Without the pictures, set down every record below exactly as it reads.

(Saved entries)
* * * * * * *

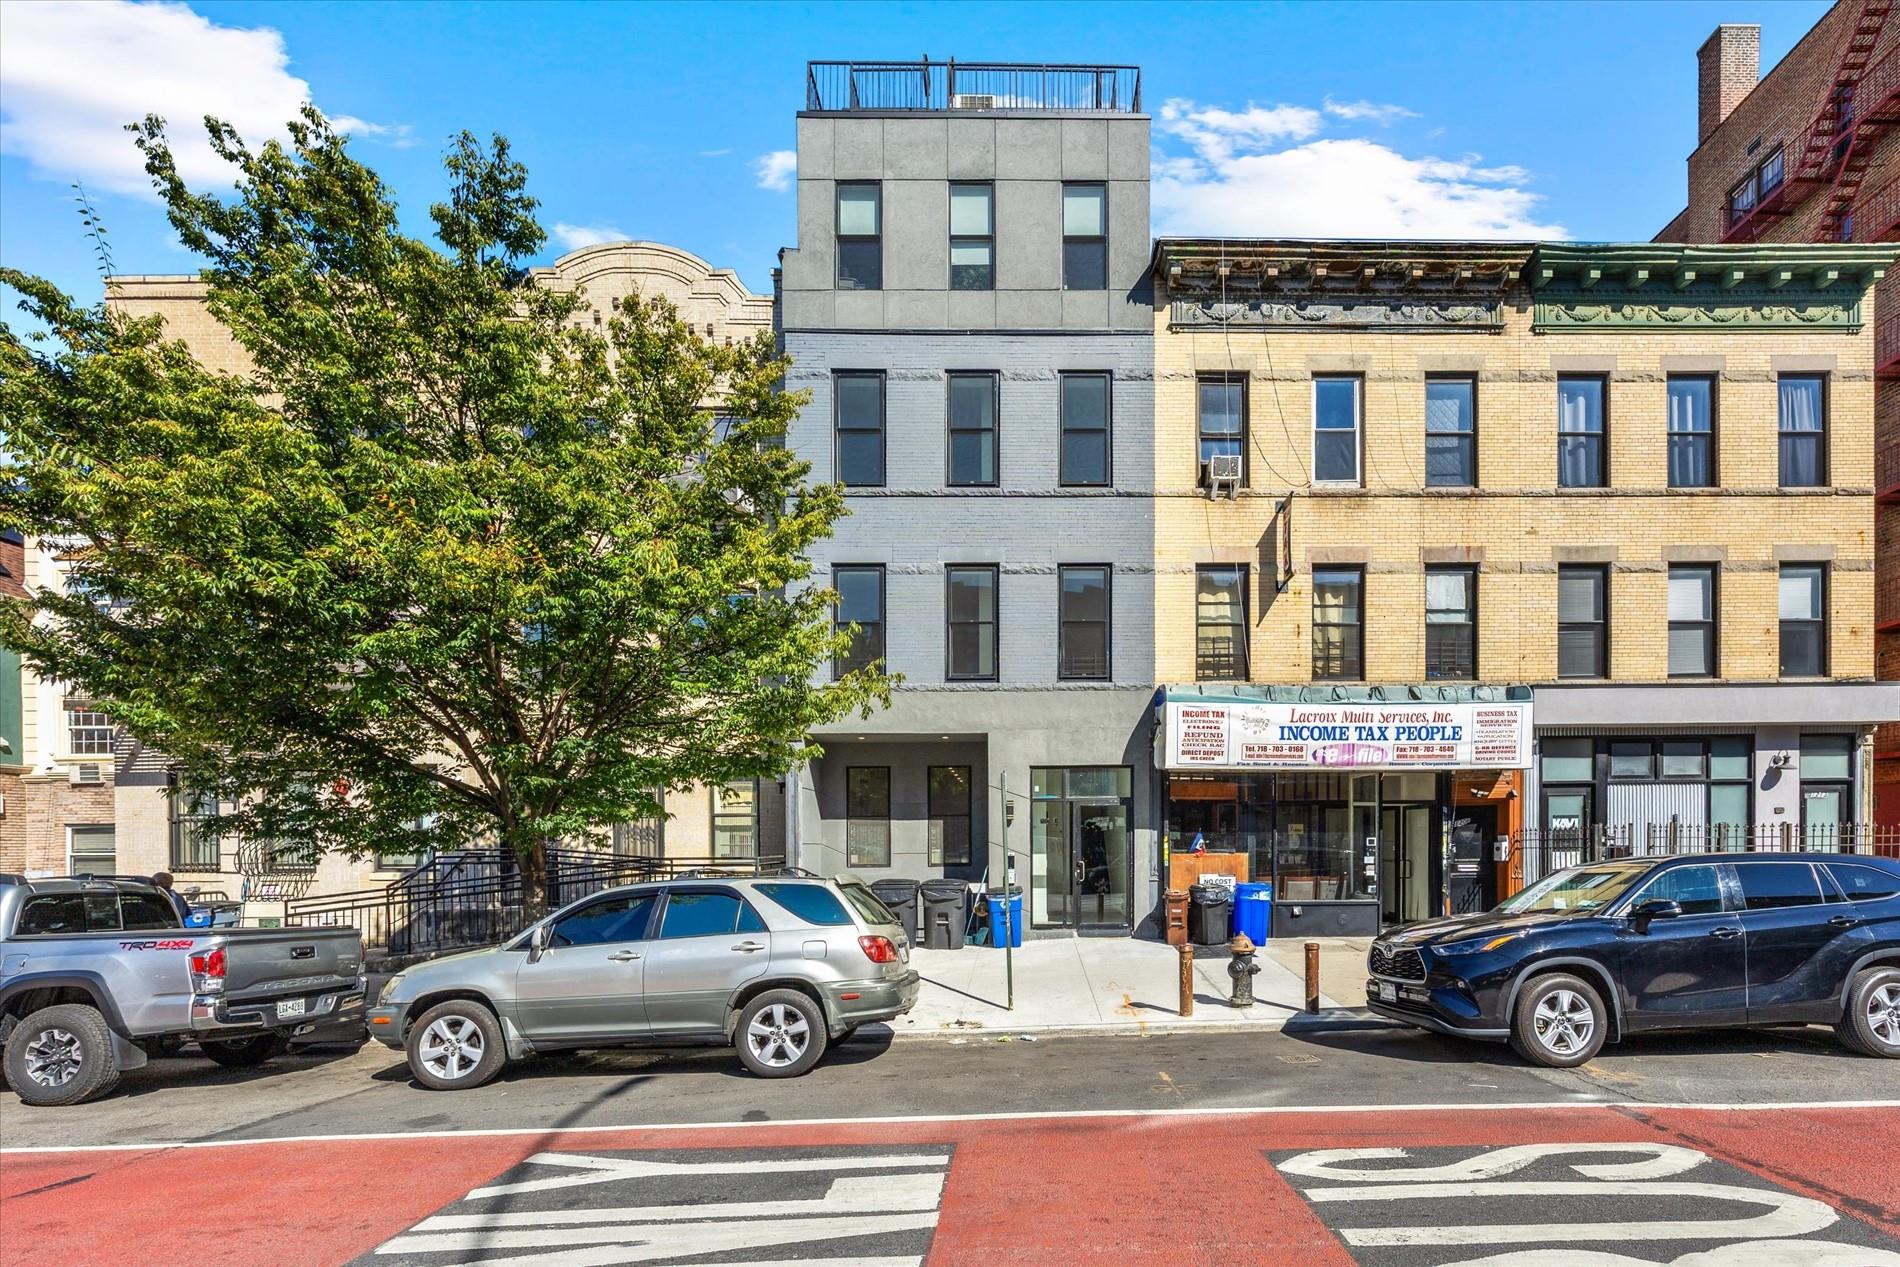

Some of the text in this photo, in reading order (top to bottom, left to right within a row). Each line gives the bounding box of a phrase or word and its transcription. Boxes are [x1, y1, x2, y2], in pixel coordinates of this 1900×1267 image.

[1182, 710, 1225, 718] INCOME TAX
[1432, 710, 1454, 723] Inc.
[1184, 731, 1224, 739] REFUND
[1279, 725, 1463, 741] INCOME TAX PEOPLE
[119, 941, 158, 951] TRD
[259, 974, 336, 990] TACOMA
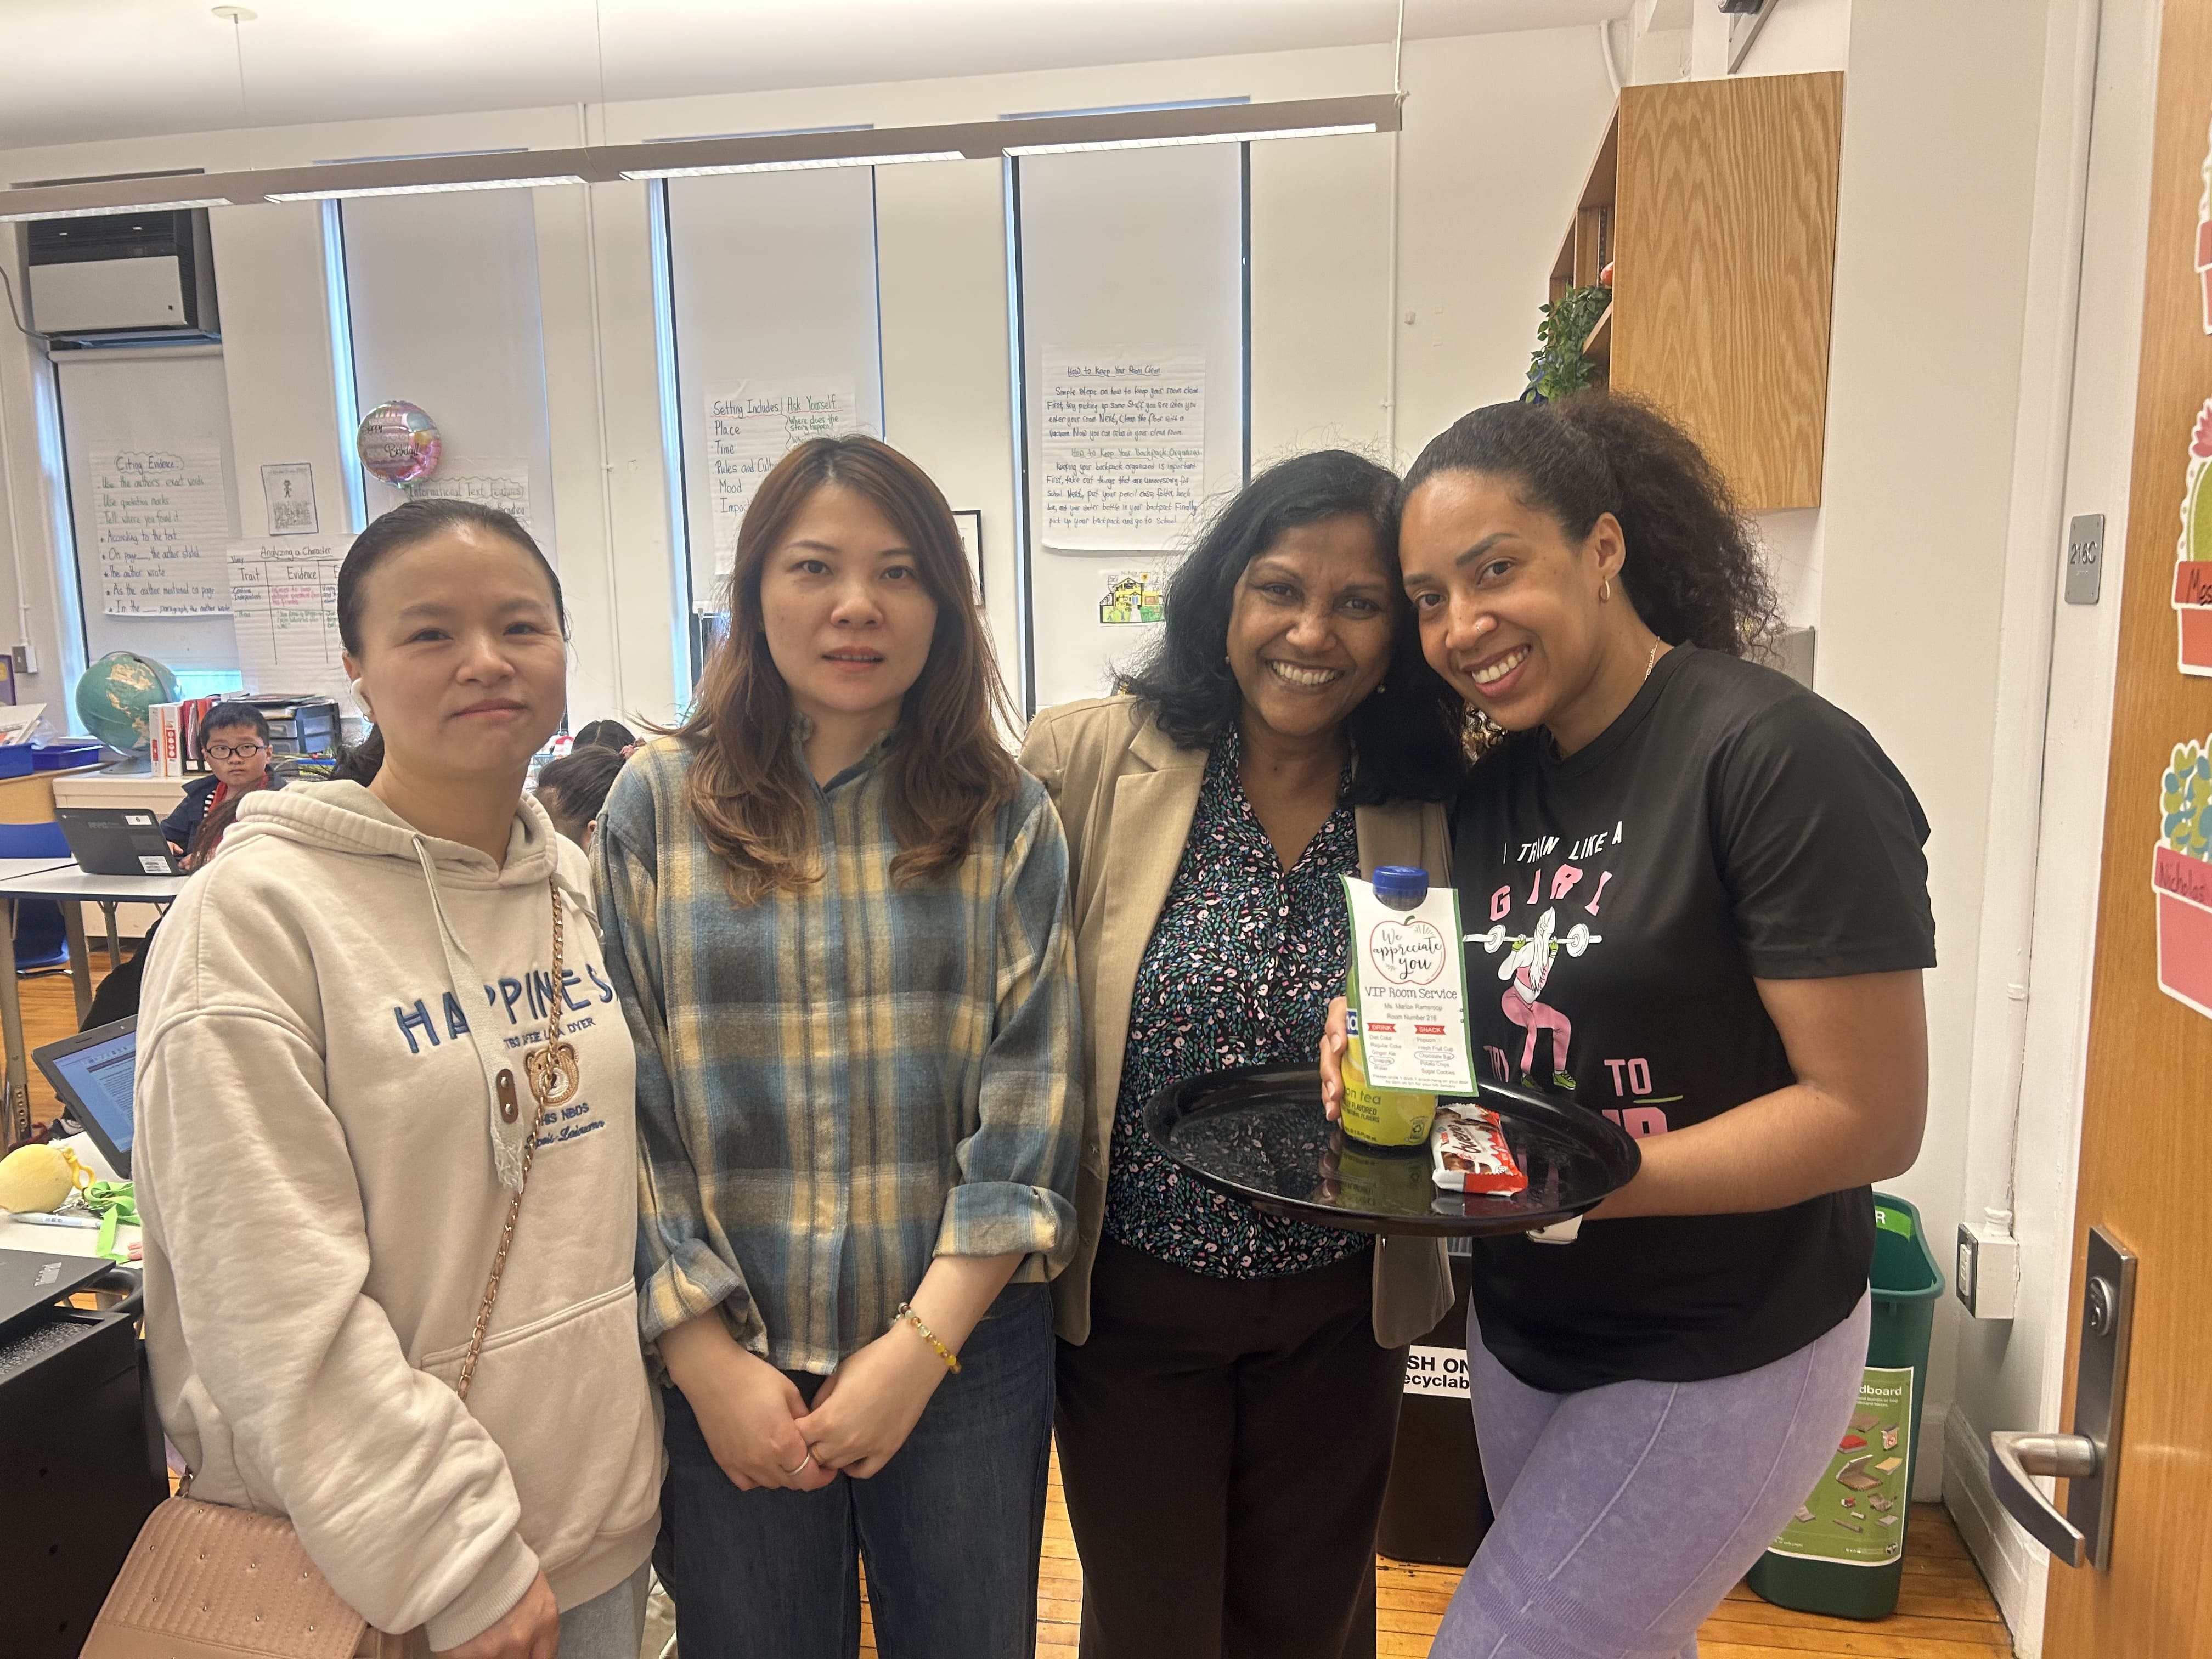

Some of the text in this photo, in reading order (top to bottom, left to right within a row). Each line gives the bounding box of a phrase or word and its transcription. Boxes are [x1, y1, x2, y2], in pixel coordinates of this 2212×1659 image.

* * * * * * *

■ **RESULT BELOW**:
Some of the text in this photo, in reading order (top to bottom, left to right within a row). Each line gives the bounding box of a phrase or word and its transcription. Boxes are [x1, y1, x2, y2], in pixel coordinates of this 1900×1267 image.

[1182, 710, 1225, 718] INCOME TAX
[1432, 710, 1454, 723] Inc.
[1184, 731, 1224, 739] REFUND
[1279, 725, 1463, 741] INCOME TAX PEOPLE
[119, 941, 158, 951] TRD
[259, 974, 336, 990] TACOMA

Some of the text in this photo, in reading order (top to bottom, left to right within a row). Each line gives the bounding box of a phrase or word and its transcription. Boxes are [x1, y1, x2, y2], in pixel coordinates of this 2212×1659 image.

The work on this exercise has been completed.